Pour qui veut bien lire ses textes sans se laisser parasiter par la légende qui les entourent, cette poésie se révèle subversive à bien des endroits, et notamment par son approche du genre et de la sexualité. Dans un poème, Hilda demande à la nature si elle est mâle ou femelle, laquelle lui répond « aux deux questions du oui en écho ». Plusieurs textes amoureux alternent ainsi le masculin et le féminin dans l’adresse. Contacté par nos soins pour analyser certains passages, Alexandre Antolin, docteur en littérature et histoire du genre, n’exclut pas l’hypothèse de certaines références lesbiennes dans le texte, même si cela n’est jamais explicite et se rapproche souvent de la sororité. Dans ses analyses, Victor Renier considère qu’Hilda se regarde dans un miroir quand elle déclare :
« Ma sœur, quand tu auras franchi cet air limpide, baise-moi, et donne-moi sur la bouche le velouté que tu y auras pris. »

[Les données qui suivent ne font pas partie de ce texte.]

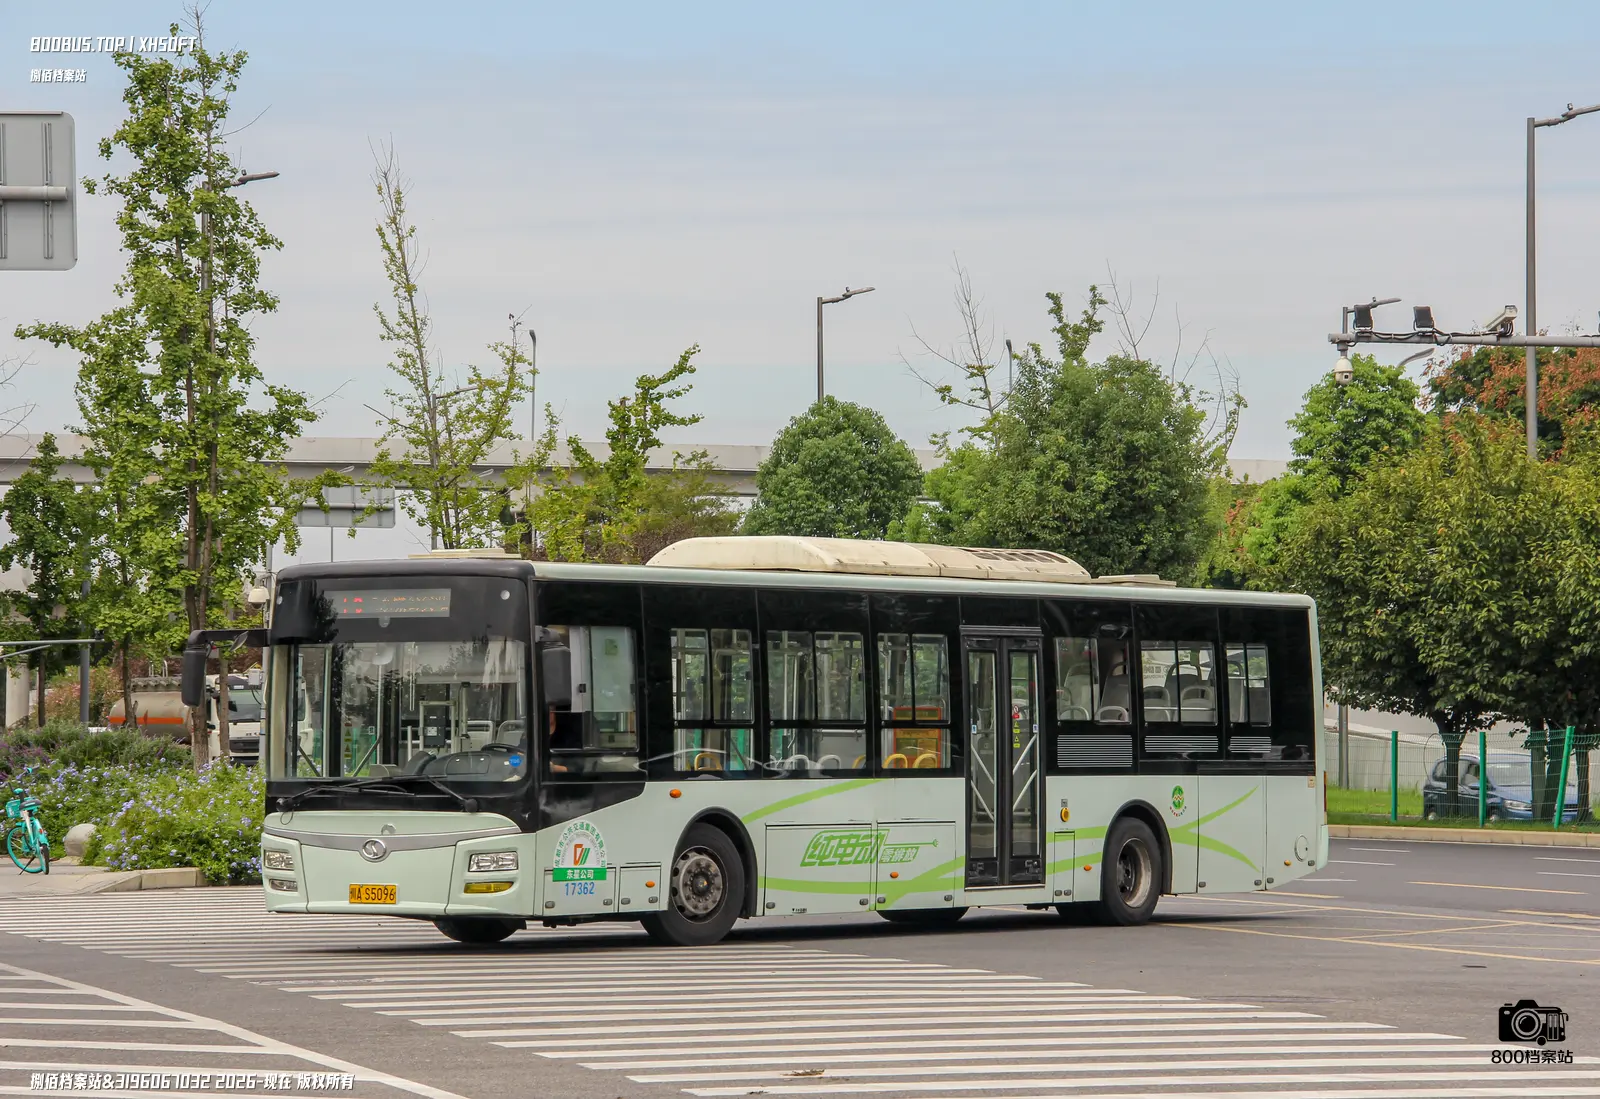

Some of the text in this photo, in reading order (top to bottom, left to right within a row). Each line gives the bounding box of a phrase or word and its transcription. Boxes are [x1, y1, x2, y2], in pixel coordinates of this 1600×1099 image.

[800, 830, 887, 868] 纯电动
[564, 881, 595, 896] 17362

De même, les passages concernant le deuil de son père mobilisent un vocabulaire guerrier et somatique qui interpelle : « Pour ne point songer à mon père, je me cuirasse » « Ses yeux dans mes yeux sont les yeux bleus d’une pensée que je tiens comme une arme » « Au plancher de l’être, j’ai son empreinte marquée, et je tressaille dans mes nerfs » ; « Parfois, dévorée de doutes, je haïssais ma blessure… » Renier commente ces textes avec cette belle phrase très psychologisante : « La sublimation du père se réalise dans une atmosphère de déchirement ». Ne s’agirait-il pas plutôt de l’aveu d’un traumatisme, potentiellement causé par un inceste ou des relations conflictuelles ? Ce ne serait pas difficile de le penser et cela ouvrirait une interprétation complètement différente de nombreux passage de son œuvre, notamment le poème plus tardif « J’aime les enfants » où le vers suivant résonnerait d’une toute autre façon : « Je me jette, avide, sur les miettes que vous laissez tomber du festin de votre innocence. »
Mais ne parlons pas encore une fois à la place d’Hilda et laissons lui le mot de la fin, puisqu’elle est la principale intéressée :
« Souvent, j’ai senti que je ne disais pas ce que je savais [...] J’aime les formules inachevées… ».